# EXERCISE REQUIREMENTS
Would you retype every record below exactly as written?
──────── EXCERPTED RECORDS ────────
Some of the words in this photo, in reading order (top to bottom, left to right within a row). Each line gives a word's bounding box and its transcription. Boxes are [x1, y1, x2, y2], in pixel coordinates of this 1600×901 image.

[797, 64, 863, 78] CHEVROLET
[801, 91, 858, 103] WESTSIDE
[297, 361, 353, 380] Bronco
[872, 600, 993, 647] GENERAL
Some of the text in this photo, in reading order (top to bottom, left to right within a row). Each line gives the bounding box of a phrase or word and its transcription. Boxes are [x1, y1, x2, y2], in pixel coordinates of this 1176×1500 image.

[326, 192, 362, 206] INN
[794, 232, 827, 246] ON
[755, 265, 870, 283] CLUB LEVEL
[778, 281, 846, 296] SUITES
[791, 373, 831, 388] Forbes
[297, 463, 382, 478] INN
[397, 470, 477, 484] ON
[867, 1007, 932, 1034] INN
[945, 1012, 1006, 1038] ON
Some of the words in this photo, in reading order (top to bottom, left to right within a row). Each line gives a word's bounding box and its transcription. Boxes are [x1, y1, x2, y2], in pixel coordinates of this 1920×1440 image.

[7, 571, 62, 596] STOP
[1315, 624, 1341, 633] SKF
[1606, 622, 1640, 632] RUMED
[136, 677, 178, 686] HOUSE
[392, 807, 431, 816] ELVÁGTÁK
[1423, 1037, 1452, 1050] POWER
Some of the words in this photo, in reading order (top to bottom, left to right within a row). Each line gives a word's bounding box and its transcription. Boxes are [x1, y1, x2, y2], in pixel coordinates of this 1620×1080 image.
────────
# WRITTEN SOLUTION
Some of the words in this photo, in reading order (top to bottom, left to right within a row). Each line gives a word's bounding box and its transcription. Boxes are [x1, y1, x2, y2], in pixel coordinates of this 1600×901 image.

[797, 64, 863, 78] CHEVROLET
[801, 91, 858, 103] WESTSIDE
[297, 361, 353, 380] Bronco
[872, 600, 993, 647] GENERAL
Some of the text in this photo, in reading order (top to bottom, left to right within a row). Each line gives the bounding box of a phrase or word and its transcription. Boxes are [x1, y1, x2, y2], in pixel coordinates of this 1176×1500 image.

[326, 192, 362, 206] INN
[794, 232, 827, 246] ON
[755, 265, 870, 283] CLUB LEVEL
[778, 281, 846, 296] SUITES
[791, 373, 831, 388] Forbes
[297, 463, 382, 478] INN
[397, 470, 477, 484] ON
[867, 1007, 932, 1034] INN
[945, 1012, 1006, 1038] ON
Some of the words in this photo, in reading order (top to bottom, left to right within a row). Each line gives a word's bounding box and its transcription. Boxes are [x1, y1, x2, y2], in pixel coordinates of this 1920×1440 image.

[7, 571, 62, 596] STOP
[1315, 624, 1341, 633] SKF
[1606, 622, 1640, 632] RUMED
[136, 677, 178, 686] HOUSE
[392, 807, 431, 816] ELVÁGTÁK
[1423, 1037, 1452, 1050] POWER
Some of the words in this photo, in reading order (top to bottom, left to right within a row). Each line gives a word's bounding box and its transcription. Boxes are [x1, y1, x2, y2], in pixel coordinates of this 1620×1080 image.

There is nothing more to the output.